_REQUIRED ACTION_
The records below must be output exactly, without pictures.

▼▼▼

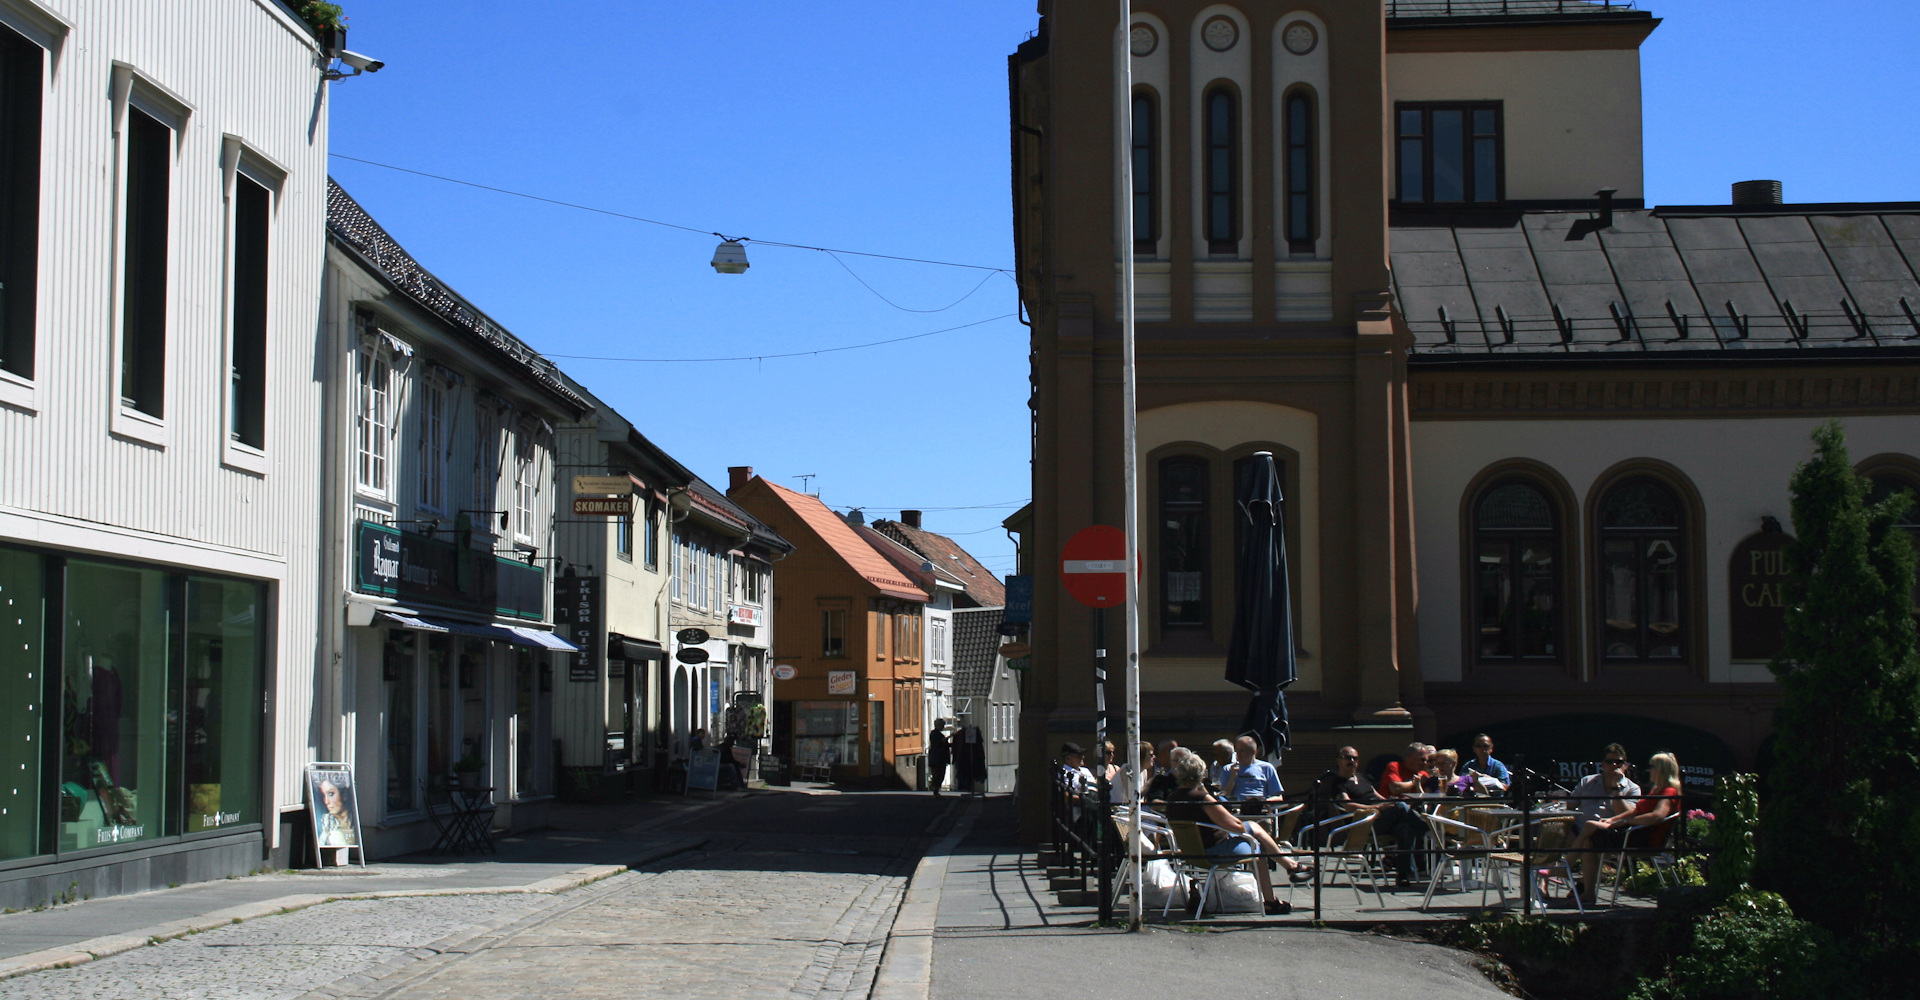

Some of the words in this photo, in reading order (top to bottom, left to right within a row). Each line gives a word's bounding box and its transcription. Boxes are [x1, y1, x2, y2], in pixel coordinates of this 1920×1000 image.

[575, 501, 629, 512] SKOMAKER
[373, 539, 399, 582] Ragnar
[578, 580, 591, 623] FRISØR
[1742, 583, 1790, 607] CA
[1008, 600, 1032, 611] Kref
[577, 629, 591, 666] GITTE
[830, 673, 853, 684] Gledes
[1559, 762, 1588, 778] BIG
[1680, 765, 1714, 776] ARRIS
[1685, 776, 1715, 787] PEPSI
[203, 814, 215, 827] FRIIS
[221, 812, 240, 825] COMPANY
[97, 829, 111, 843] FRIIS
[120, 825, 144, 840] COMPANY
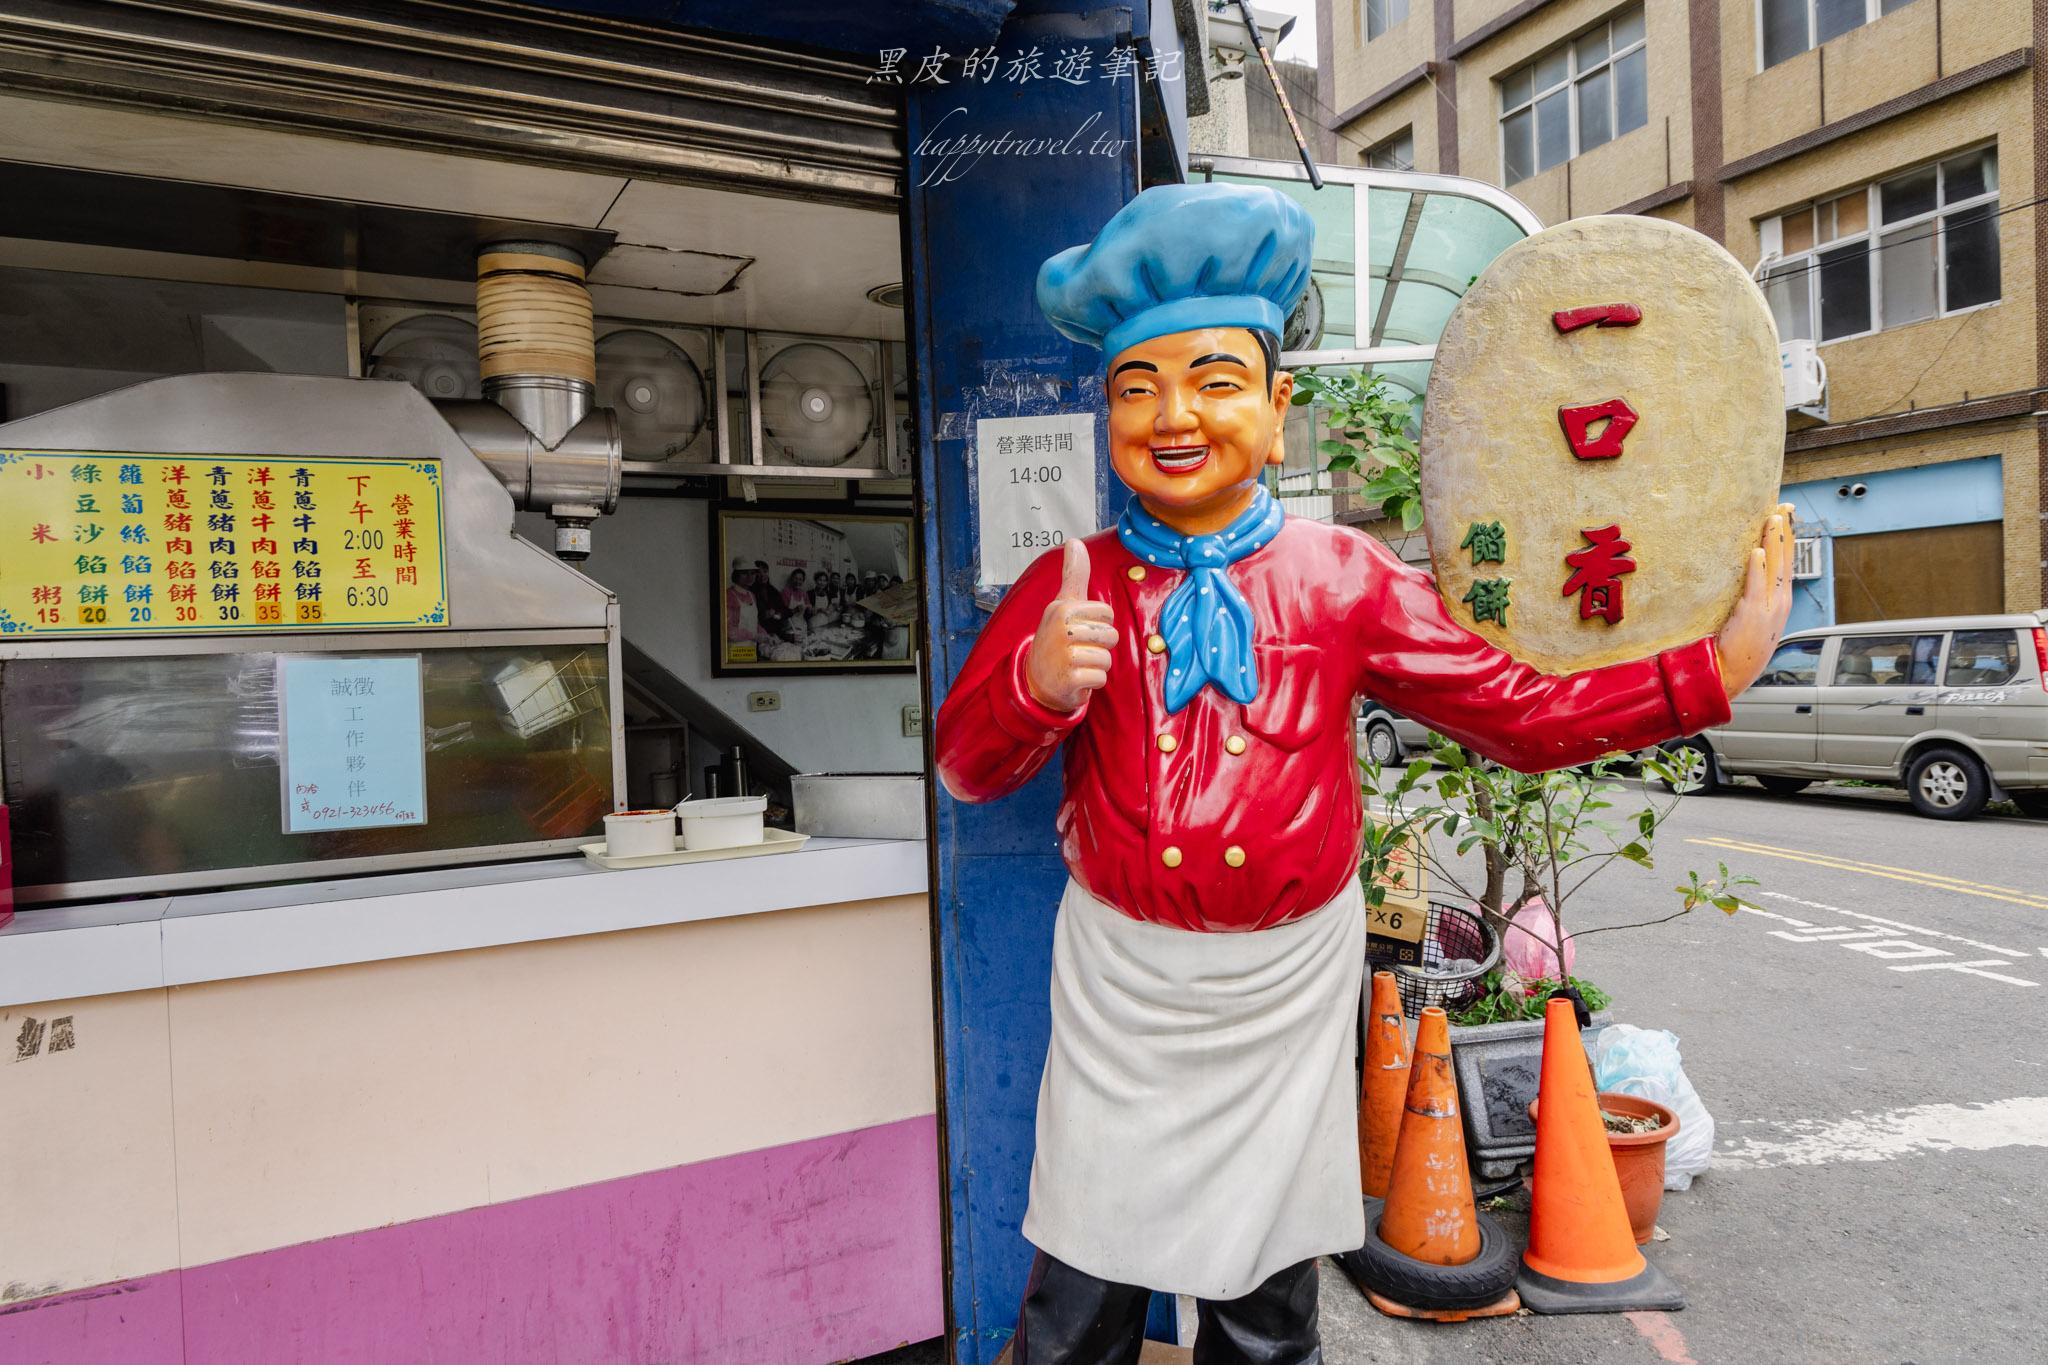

▲▲▲

_ANSWER SPACE_
Some of the words in this photo, in reading order (top to bottom, left to right within a row). Each line gives a word's bounding box and its transcription. Boxes are [x1, y1, x2, y2], in pixel coordinates of this 1920×1000 image.

[575, 501, 629, 512] SKOMAKER
[373, 539, 399, 582] Ragnar
[578, 580, 591, 623] FRISØR
[1742, 583, 1790, 607] CA
[1008, 600, 1032, 611] Kref
[577, 629, 591, 666] GITTE
[830, 673, 853, 684] Gledes
[1559, 762, 1588, 778] BIG
[1680, 765, 1714, 776] ARRIS
[1685, 776, 1715, 787] PEPSI
[203, 814, 215, 827] FRIIS
[221, 812, 240, 825] COMPANY
[97, 829, 111, 843] FRIIS
[120, 825, 144, 840] COMPANY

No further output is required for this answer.